For instance, a German think tank and a New Jersey-based interfaith group called Interreligious Understanding co-sponsored a trip from August 7 to 11 during which eight Muslim American leaders visited concentration camps and met with Holocaust survivors and subsequently signed a statement condemning Holocaust denial and anti-Semitism.  The trip, designed to teach the participants about the Holocaust by taking them to visit the concentration camp sites of Dachau and Auschwitz, was organized by Marshall Breger, an Orthodox Jew who served in the Reagan and first Bush administrations.  He said it was designed “to educate those who may not have had the opportunity to learn the history of the Holocaust and to help combat Holocaust denial among Muslims.”

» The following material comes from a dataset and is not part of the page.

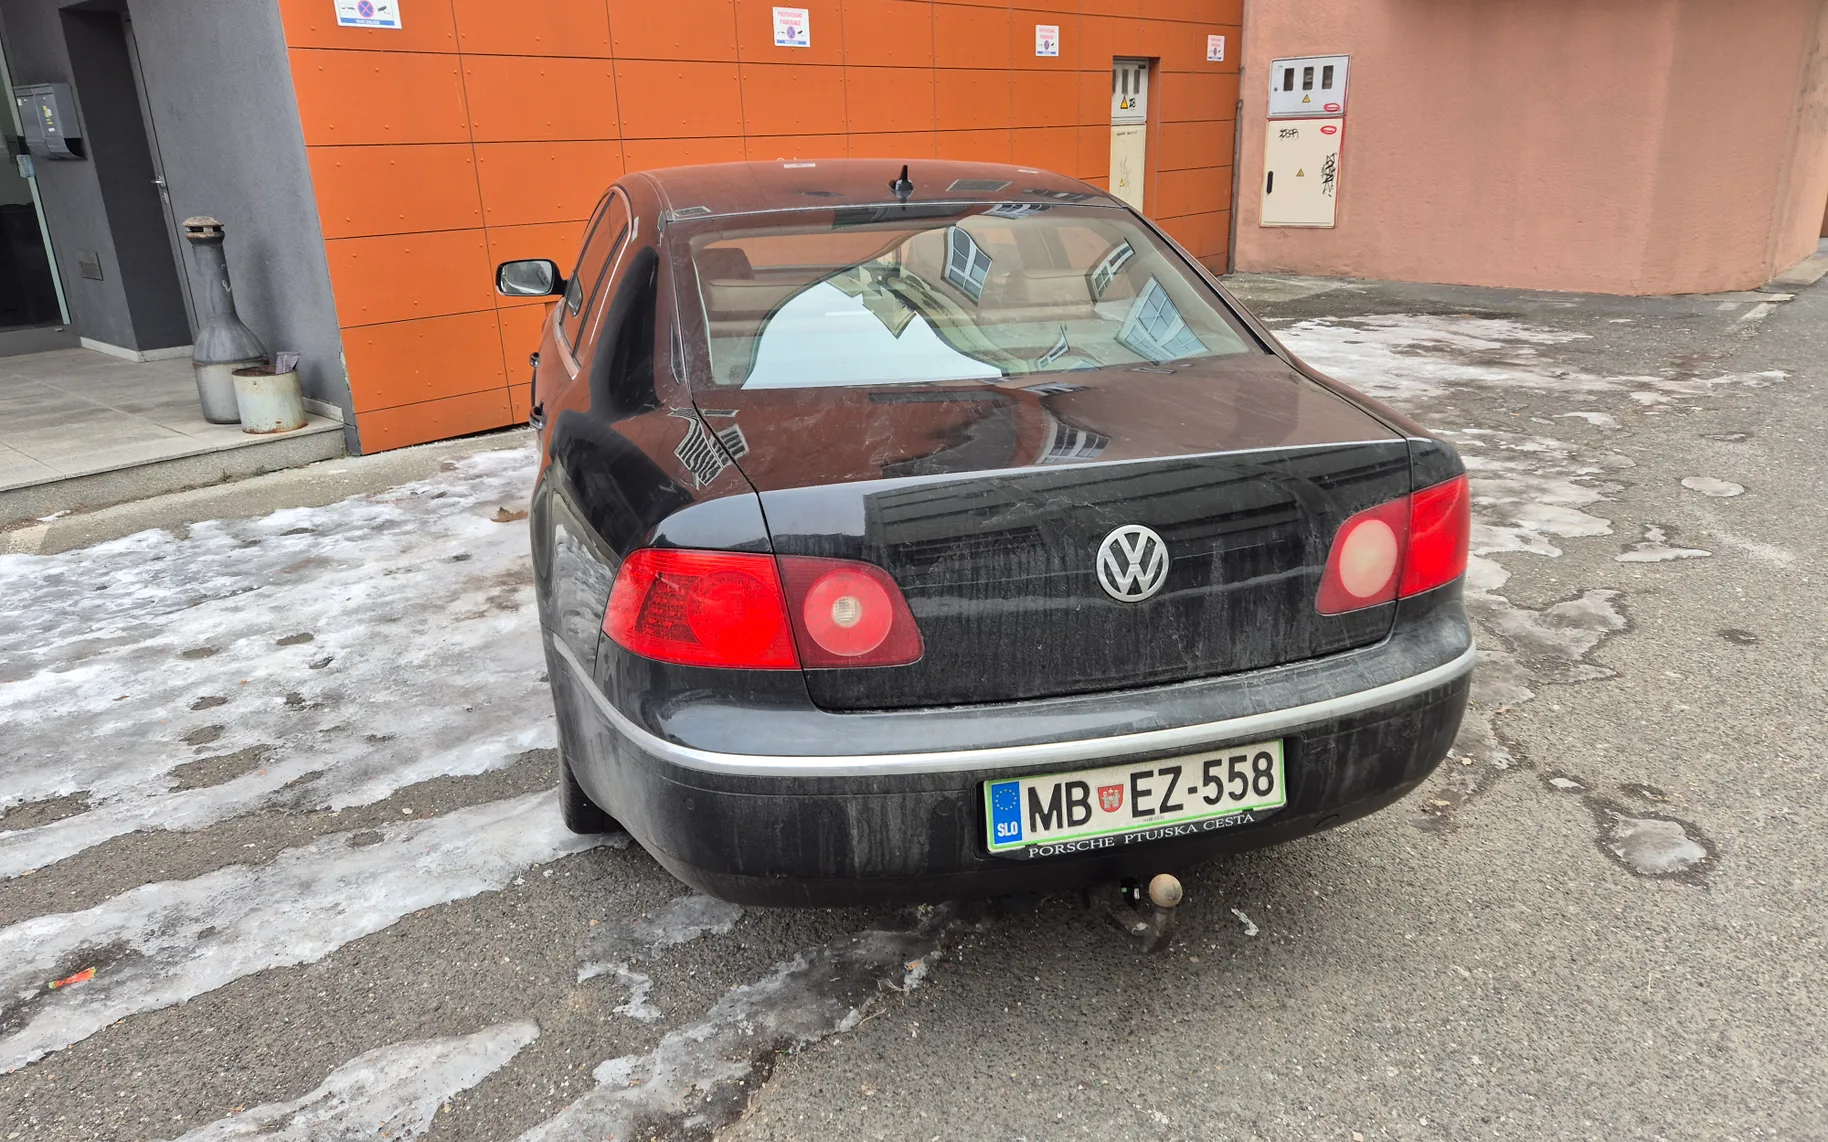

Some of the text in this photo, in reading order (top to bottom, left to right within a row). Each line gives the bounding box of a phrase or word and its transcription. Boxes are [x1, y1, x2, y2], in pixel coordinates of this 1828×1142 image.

Islamic participants on the trip were Imams Muzammil Siddiqi of Orange County; Suhaib Webb of Santa Clara; Muhamad Maged of Virginia; Abdullah Antepli of Duke University in North Carolina; and Syed Naqvi of Washington, D.C., along with Dr. Sayyid Syeed of Washington; Sheik Yasir Qadhi of New Haven, Connecticut; and Laila Muhammad of Chicago. U.S. government officials, the State Department’s special envoy to monitor and combat anti-Semitism, and an official from the Organization of the Islamic Conference also took part in the trip.

The statement read, “We stand united as Muslim American faith and community leaders and recognize that we have a shared responsibility to continue to work together with leaders of all faiths and their communities to fight the dehumanization of all peoples based on their religion, race, or ethnicity. With the disturbing rise of anti-Semitism, Islamophobia and other forms of hatred, rhetoric and bigotry, now more than ever, people of faith must stand together for truth.”

If “peace, understanding, and tolerance” are the objectives of multi-faith understanding, we need to be sure that all parties are “on the same page.”  Such understanding comes if – and only if – everybody is listening and everybody is committed to the same goals.